Meibrys Viloria has served the KC Royals well, but do they have room for him?
Welcome back to Kings of Kauffman’s Royals Projections series for 2021. Between now and Opening Day, our writers are analyzing how various Royals performed last season and predicting how they might fare this year. Up today is catcher Meibrys Viloria.
Meibrys Viloria is, as they say, out of options. Literally and figuratively, he has no clearly pleasant alternative to not making the KC Royals’ 2021 roster.
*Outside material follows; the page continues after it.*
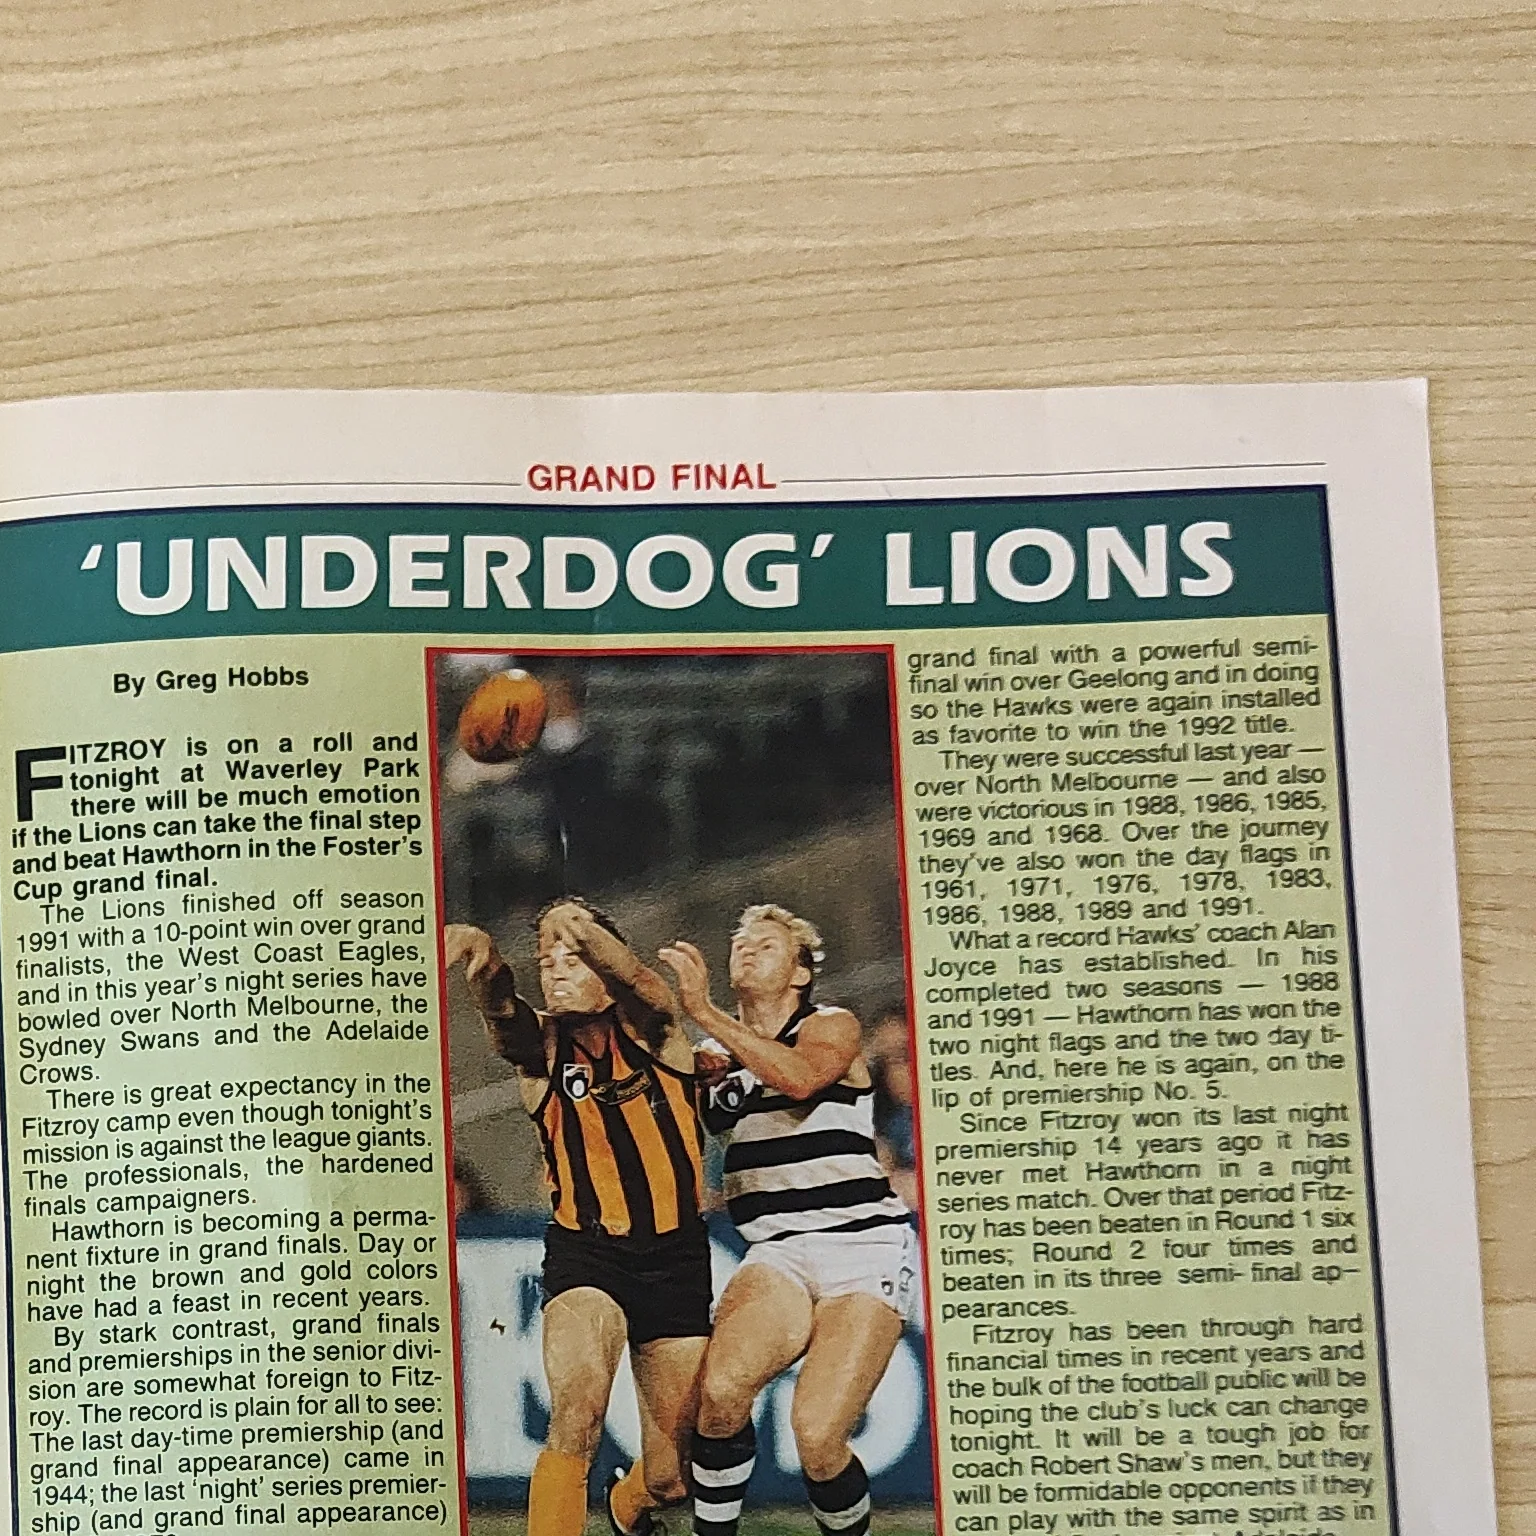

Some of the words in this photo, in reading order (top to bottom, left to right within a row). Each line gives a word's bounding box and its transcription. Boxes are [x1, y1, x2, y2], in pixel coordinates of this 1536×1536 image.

The Royals have exhausted Viloria’s minor league options, meaning (as we explained in this space last year) he can’t be sent down to one of their remaining post-contraction farm teams without first clearing waivers. Bur even if no other team claims him, there isn’t much room for him in the organization. He isn’t replacing Salvador Perez or prime backup Cam Gallagher; MJ Melendez, presently the club’s No. 12 prospect per MLB Pipeline, isn’t going anywhere; Sebastian Rivero is progressing; and the club likes Kale Emshoff, one of their 2020 undrafted free agent signings.
What makes Viloria’s position so frustrating is that he’s served the Royals well, having been rushed from Class A ball to the major leagues late in the 2018 campaign when Salvador Perez went down with an injury and Gallagher needed a backup. He found himself in the same position in 2019 when Perez lost the season to Tommy John surgery and Gallagher again required a backup after the Royals traded Perez-substitute Martin Maldonado to the Cubs.
Viloria can catch, but hasn’t proven he can hit big league pitching, a shortcoming reflected in his 67-game career .215 average, and perhaps best explained by the fact he’s never played at the Triple A level, the next best thing to the majors and a critical stepping stone for hitters.
So, after Perez’s stunningly good comeback last season and Gallagher’s solid claim to the backup job, what will happen to Viloria in 2021?
Baseball Reference and FanGraphs projections for Viloria’s KC Royals season
Baseball Reference and FanGraphs view Viloria quite differently. Clearly envisioning something happening to or with Perez or Gallagher, Baseball Reference predicts he’ll get 247 plate appearances, hit six home runs, drive in 28 and post a .236/.308/.368 line. FanGraphs (Depth Charts version) projects 51 PAs, one homer, four RBIs, and a .226/.289/.327 slash, numbers far more in line with his career stats.
What kind of 2021 season will Viloria actually have for the KC Royals?
Viloria’s 2021 fate is very much in the hands of Perez and Gallagher. If either is hurt this spring and isn’t ready for Opening Day, Viloria stands an excellent chance to break camp with the club. But if the Royals’ top two backstops are healthy a month from now, there simply isn’t room for a third catcher on a roster that will likely include an extra pitcher or two as hurlers gradually prepare their arms for a full season.
Triple A is where Viloria needs, and has always needed, to be development-wise, but it’s probably time for Kansas City to give the starting and backup Omaha jobs to Melendez and Rivero, which will deprive Viloria of everyday opportunities to hone his hitting skills. The Royals also have other young prospects who need to play at the lower levels. And, his options gone, Viloria will have to clear waivers before he can play for any of KC’s farm teams.
Viloria is in a career pinch, his future with the organization probably dependent on the health of two veteran catchers and the development needs of less experienced players. If for some reason the KC Royals require his services, and he somehow manages to stick somewhere in the organization, his performance will be closer to FanGraphs’ projection than Baseball Reference’s. He won’t display much, if any, power, drive in many runs, or hit very well; he will, however, be decent behind the plate.
Meibrys Viloria may not play for Kansas City or any of its minor league teams this season. But if he’s still around the organization and the Royals need him, he’ll be the defensively serviceable catcher he’s always been for them.